O grupo de quatro avançou a cavalo. Ao perceber que Xia Jingyun cavalgava com perícia, Feng Xiuyun, já tantas vezes surpreendida por ele, ficou ainda mais perplexa: seria mesmo um jovem pobre vindo do interior?
Enquanto seu corpo balançava com o trote, ela perguntou, ofegante: “O que pretende fazer?”
Xia Jingyun, endireitando o corpo e apertando os joelhos, demonstrou habilidade. “Quero investigar a fundo!”
O trajeto correu tranquilo, e logo chegaram ao pequeno prédio de dois andares do campo de trabalho. Ali, o ar era impregnado de cheiro ácido e sangue; não eram apenas as folhas que murchavam, mas também as pessoas.

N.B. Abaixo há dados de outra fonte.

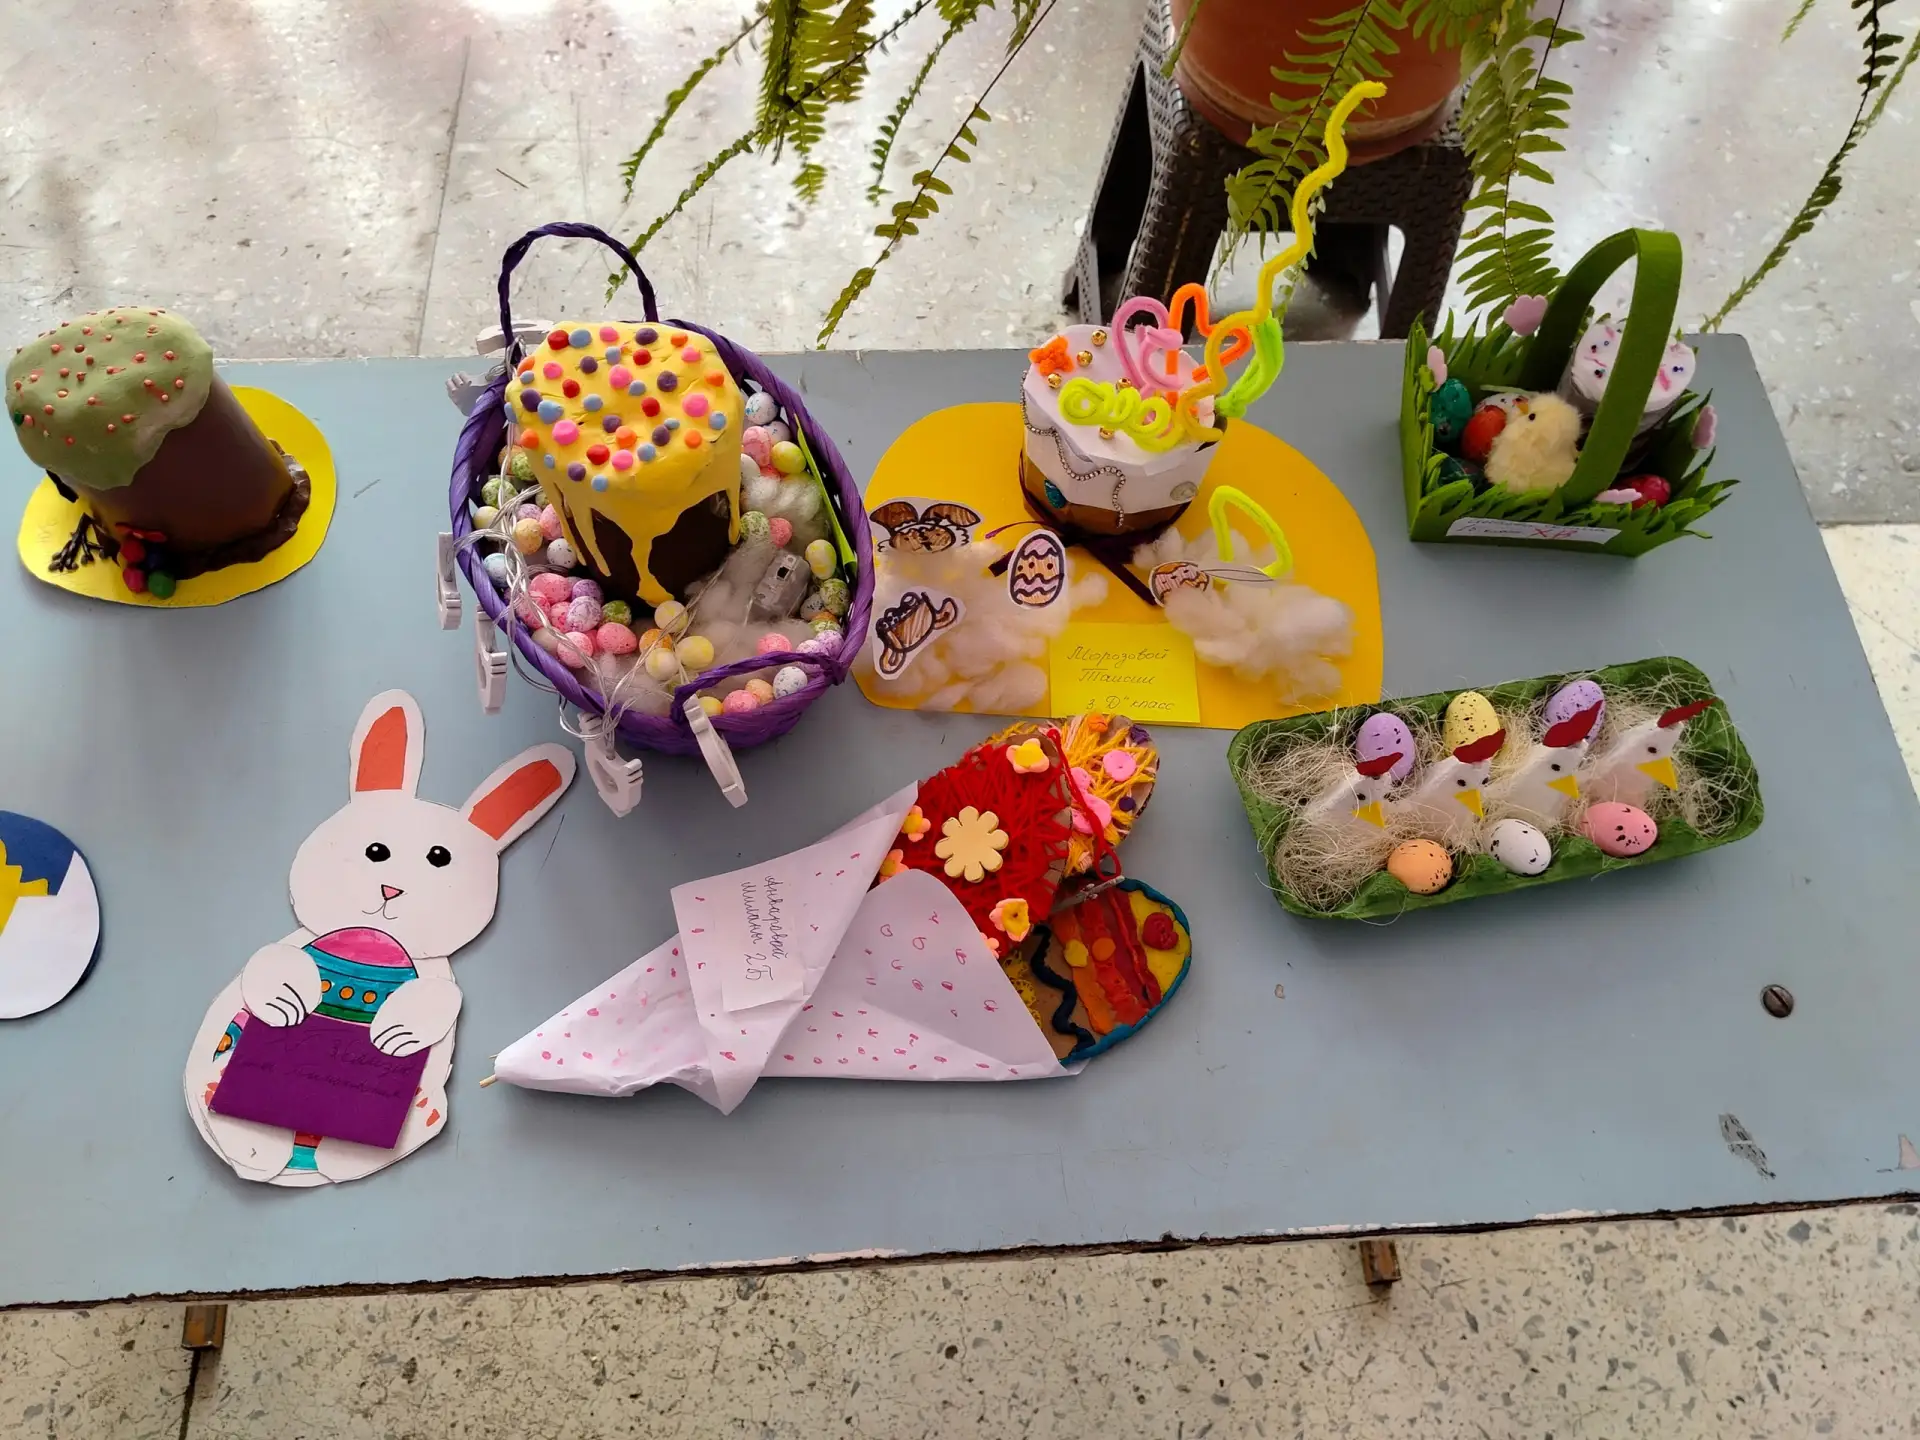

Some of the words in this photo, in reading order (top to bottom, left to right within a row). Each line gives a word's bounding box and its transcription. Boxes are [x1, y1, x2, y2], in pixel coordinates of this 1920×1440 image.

[1067, 645, 1169, 668] Морозовой
[1078, 668, 1155, 685] Таисии
[1130, 700, 1176, 711] класс
[741, 881, 763, 945] Миланы

Revisitando o local, Xia Jingyun não se deixou emocionar. Não era insensível, mas sabia que era impossível, naquele momento, mudar toda a crueldade da máquina imperial. Preferiu fingir que não via. Além disso, sua cabeça estava tomada pela preocupação inquietante.
O novo administrador do campo, diante de Feng Xiuyun — que havia matado o antigo responsável — e de Xia Jingyun, agora famoso, não ousou exibir qualquer arrogância.

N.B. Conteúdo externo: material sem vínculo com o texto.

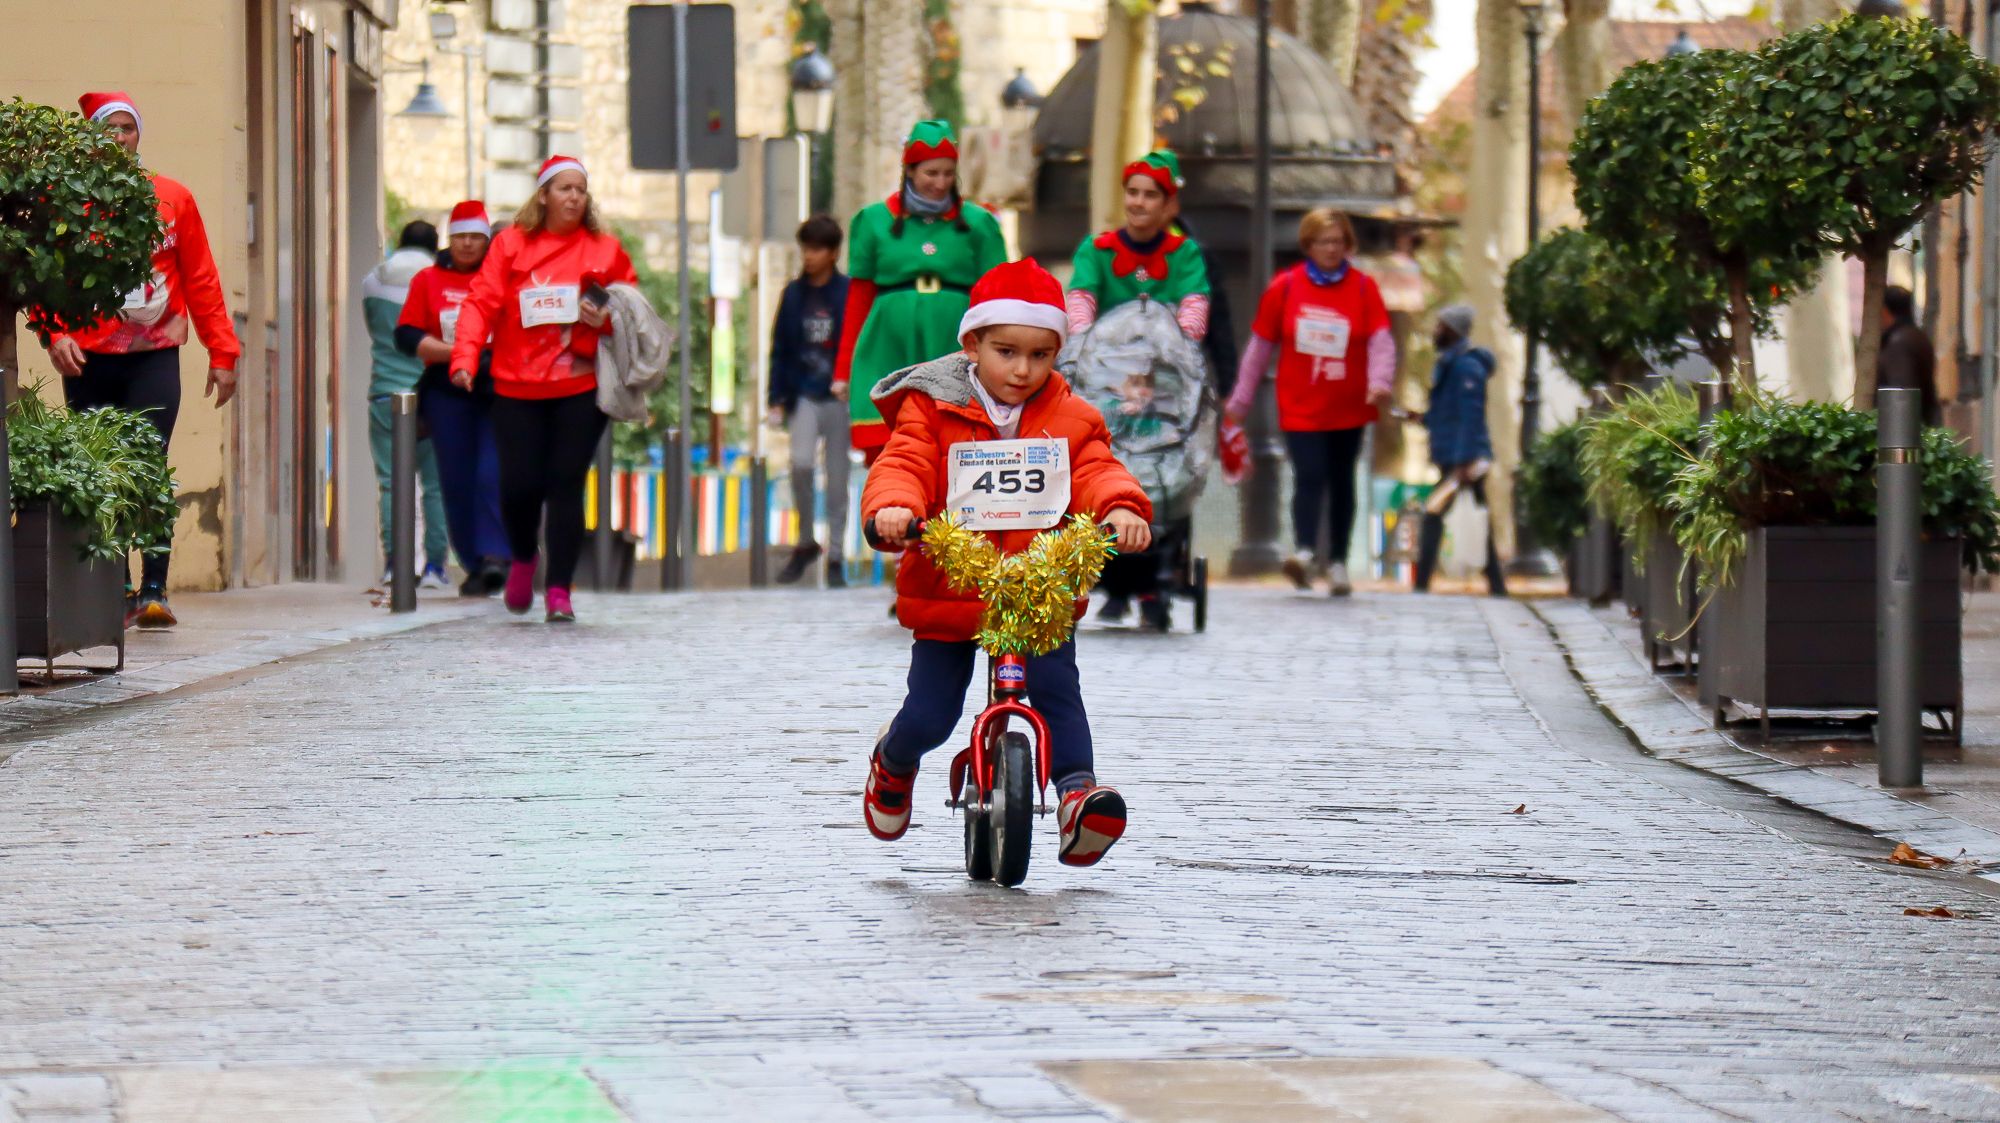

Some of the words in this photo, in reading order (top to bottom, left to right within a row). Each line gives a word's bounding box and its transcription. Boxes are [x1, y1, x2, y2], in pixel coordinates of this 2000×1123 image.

[531, 297, 565, 308] 451
[975, 451, 1006, 459] Silvestro
[972, 469, 1046, 494] 453

“Senhor Qian, gostaria de lhe fazer uma pergunta.” “Por favor, pergunte.” “Nestes últimos dias, alguém de fora veio atrás do meu antigo capataz?”
A pergunta era uma armadilha: o velho Yun confirmara que enviara alguém para investigar, então, se o administrador negasse, estaria mentindo.
Qian confirmou: “Sim, vieram duas pessoas. Não as conheço.” Xia Jingyun ficou um pouco desapontado, mas insistiu: “Sabe o que perguntaram?” O administrador balançou a cabeça. “Sou novo aqui, não sei detalhes. Eles falavam mais com o antigo capataz, Niu Er.”
“Pode chamá-lo aqui?” “Infelizmente, não posso. Niu Er tirou folga ontem à noite e voltou para casa. Agora há pouco, o delegado veio avisar que ele foi encontrado morto!”
Naquele instante, um frio cortante percorreu as costas de Xia Jingyun.